## EXERCISE AIM
Exact transcription with no images: write out all of the entries below.

## SOURCE DATA
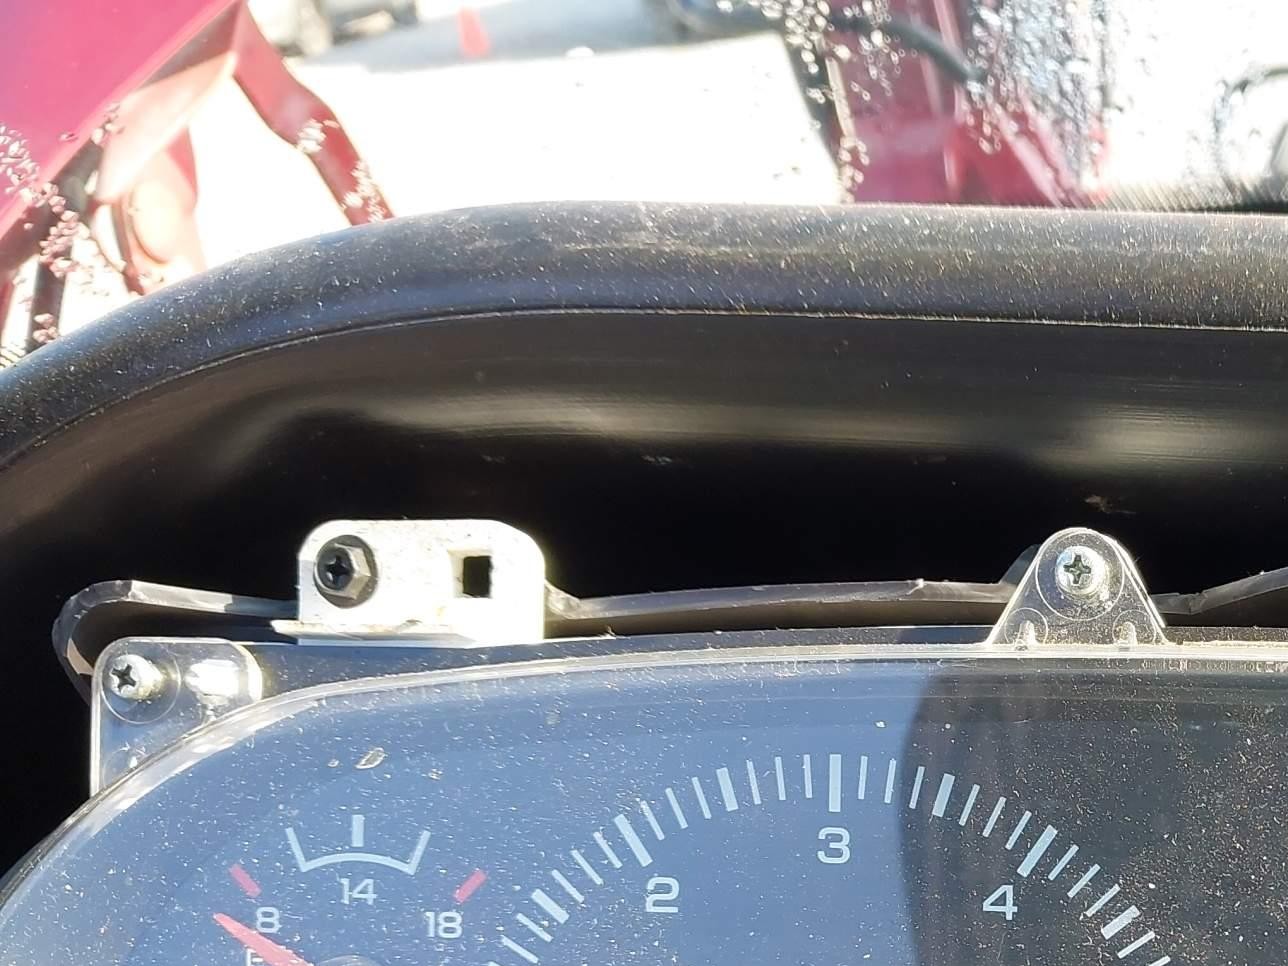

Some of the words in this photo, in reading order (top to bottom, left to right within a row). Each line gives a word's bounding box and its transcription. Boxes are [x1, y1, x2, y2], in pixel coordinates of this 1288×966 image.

[817, 827, 852, 864] 3
[341, 878, 377, 905] 14
[645, 878, 680, 913] 2
[983, 884, 1018, 921] 4
[255, 906, 281, 934] 8
[424, 911, 463, 939] 18
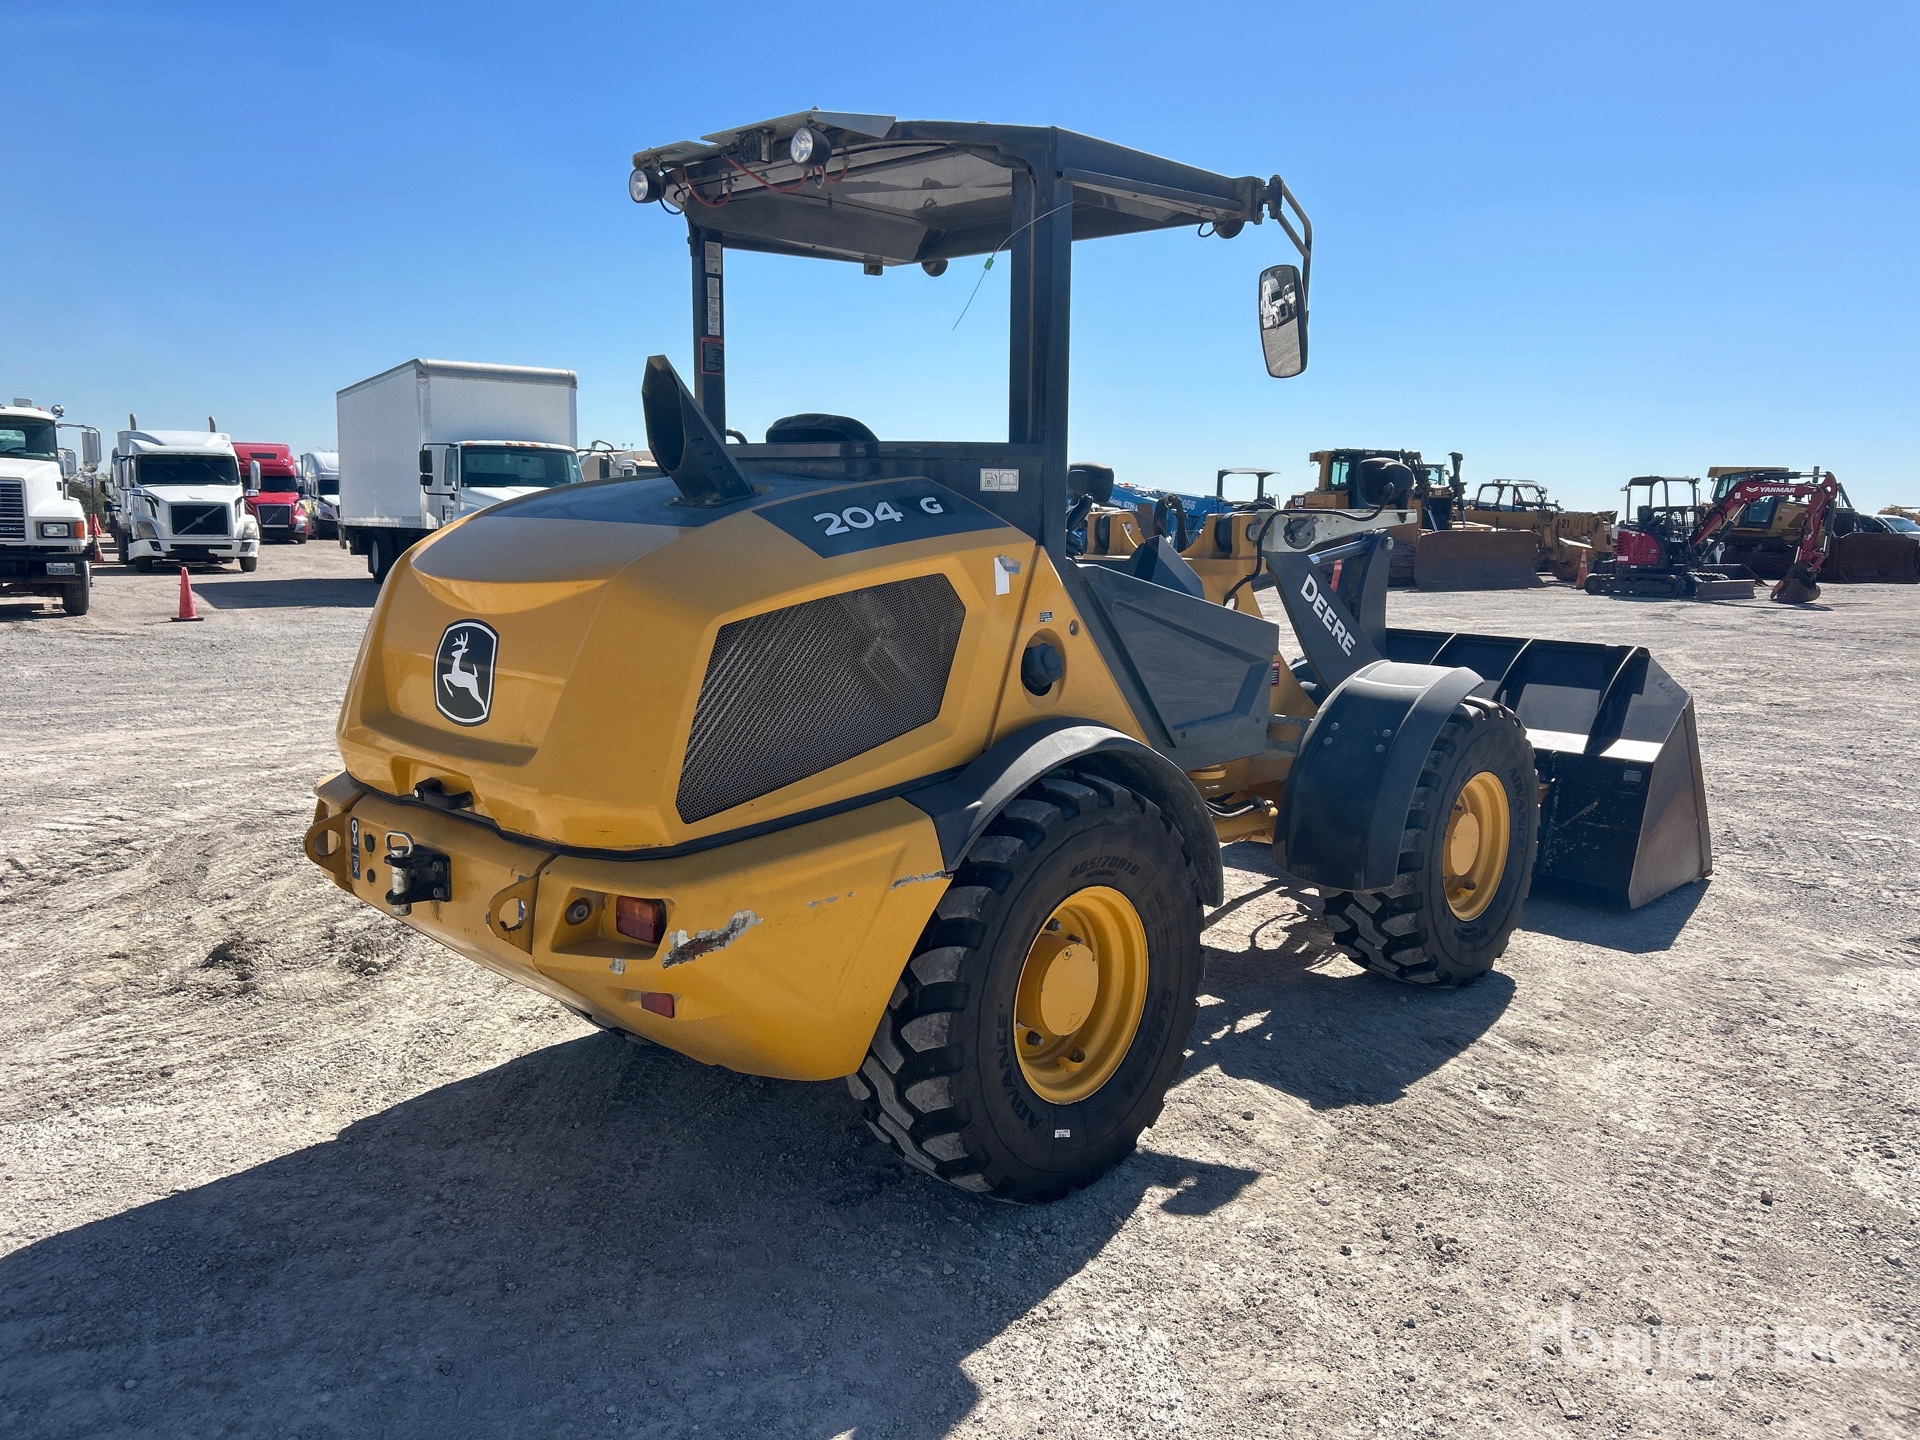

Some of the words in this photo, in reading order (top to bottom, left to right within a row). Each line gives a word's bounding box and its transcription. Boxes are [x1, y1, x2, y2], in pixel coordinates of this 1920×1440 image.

## OUTPUT FOR THIS EXERCISE
Some of the words in this photo, in reading order (top to bottom, left to right within a row). Each line gives a word's bounding box and its transcription. Boxes are [x1, y1, x2, y2], in pixel coordinates of this 1288×966 image.

[817, 827, 852, 864] 3
[341, 878, 377, 905] 14
[645, 878, 680, 913] 2
[983, 884, 1018, 921] 4
[255, 906, 281, 934] 8
[424, 911, 463, 939] 18

Some of the words in this photo, in reading order (top to bottom, left to right within a row). Each line gives a word's bounding box and its transcription. Boxes are [x1, y1, x2, y2], in pixel coordinates of this 1920×1440 image.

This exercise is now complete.